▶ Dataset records
((

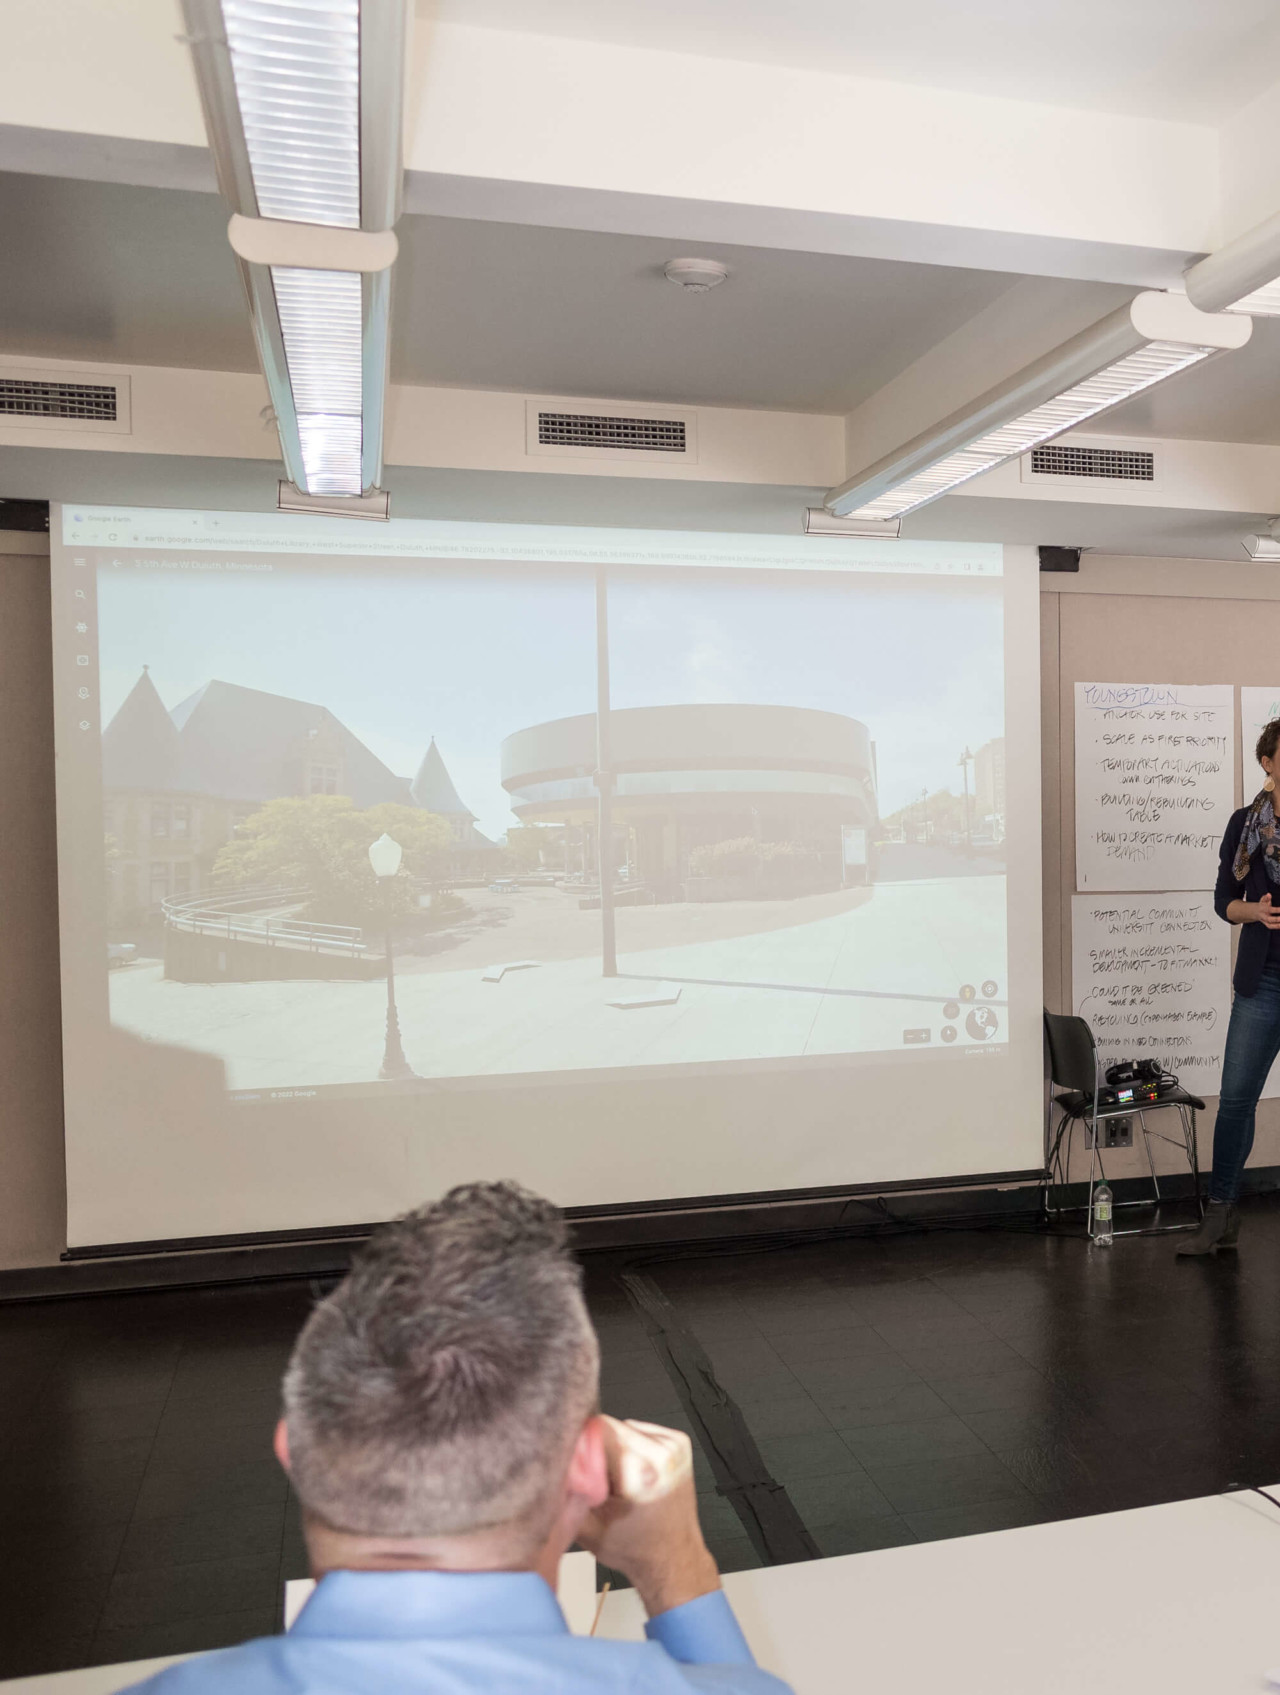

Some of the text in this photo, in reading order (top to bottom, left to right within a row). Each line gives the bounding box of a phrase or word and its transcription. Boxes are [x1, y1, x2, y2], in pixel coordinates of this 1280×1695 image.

[1084, 685, 1178, 705] YOUNGSTOWN
[1148, 710, 1166, 721] USE
[1171, 710, 1188, 721] FOR
[1193, 711, 1217, 722] SITE
[1102, 733, 1136, 746] SCALE
[1141, 734, 1155, 744] AS
[1096, 830, 1116, 844] HOW
[1174, 833, 1222, 850] MARKET
[1107, 846, 1155, 862] DEMAND
[1093, 909, 1145, 923] POTENTIAL

))

▶ Assigned task
Restate each line above exactly, keeping pictures out.

▶ Output for this exercise
Some of the text in this photo, in reading order (top to bottom, left to right within a row). Each line gives the bounding box of a phrase or word and its transcription. Boxes are [x1, y1, x2, y2], in pixel coordinates of this 1280×1695 image.

[1084, 685, 1178, 705] YOUNGSTOWN
[1148, 710, 1166, 721] USE
[1171, 710, 1188, 721] FOR
[1193, 711, 1217, 722] SITE
[1102, 733, 1136, 746] SCALE
[1141, 734, 1155, 744] AS
[1096, 830, 1116, 844] HOW
[1174, 833, 1222, 850] MARKET
[1107, 846, 1155, 862] DEMAND
[1093, 909, 1145, 923] POTENTIAL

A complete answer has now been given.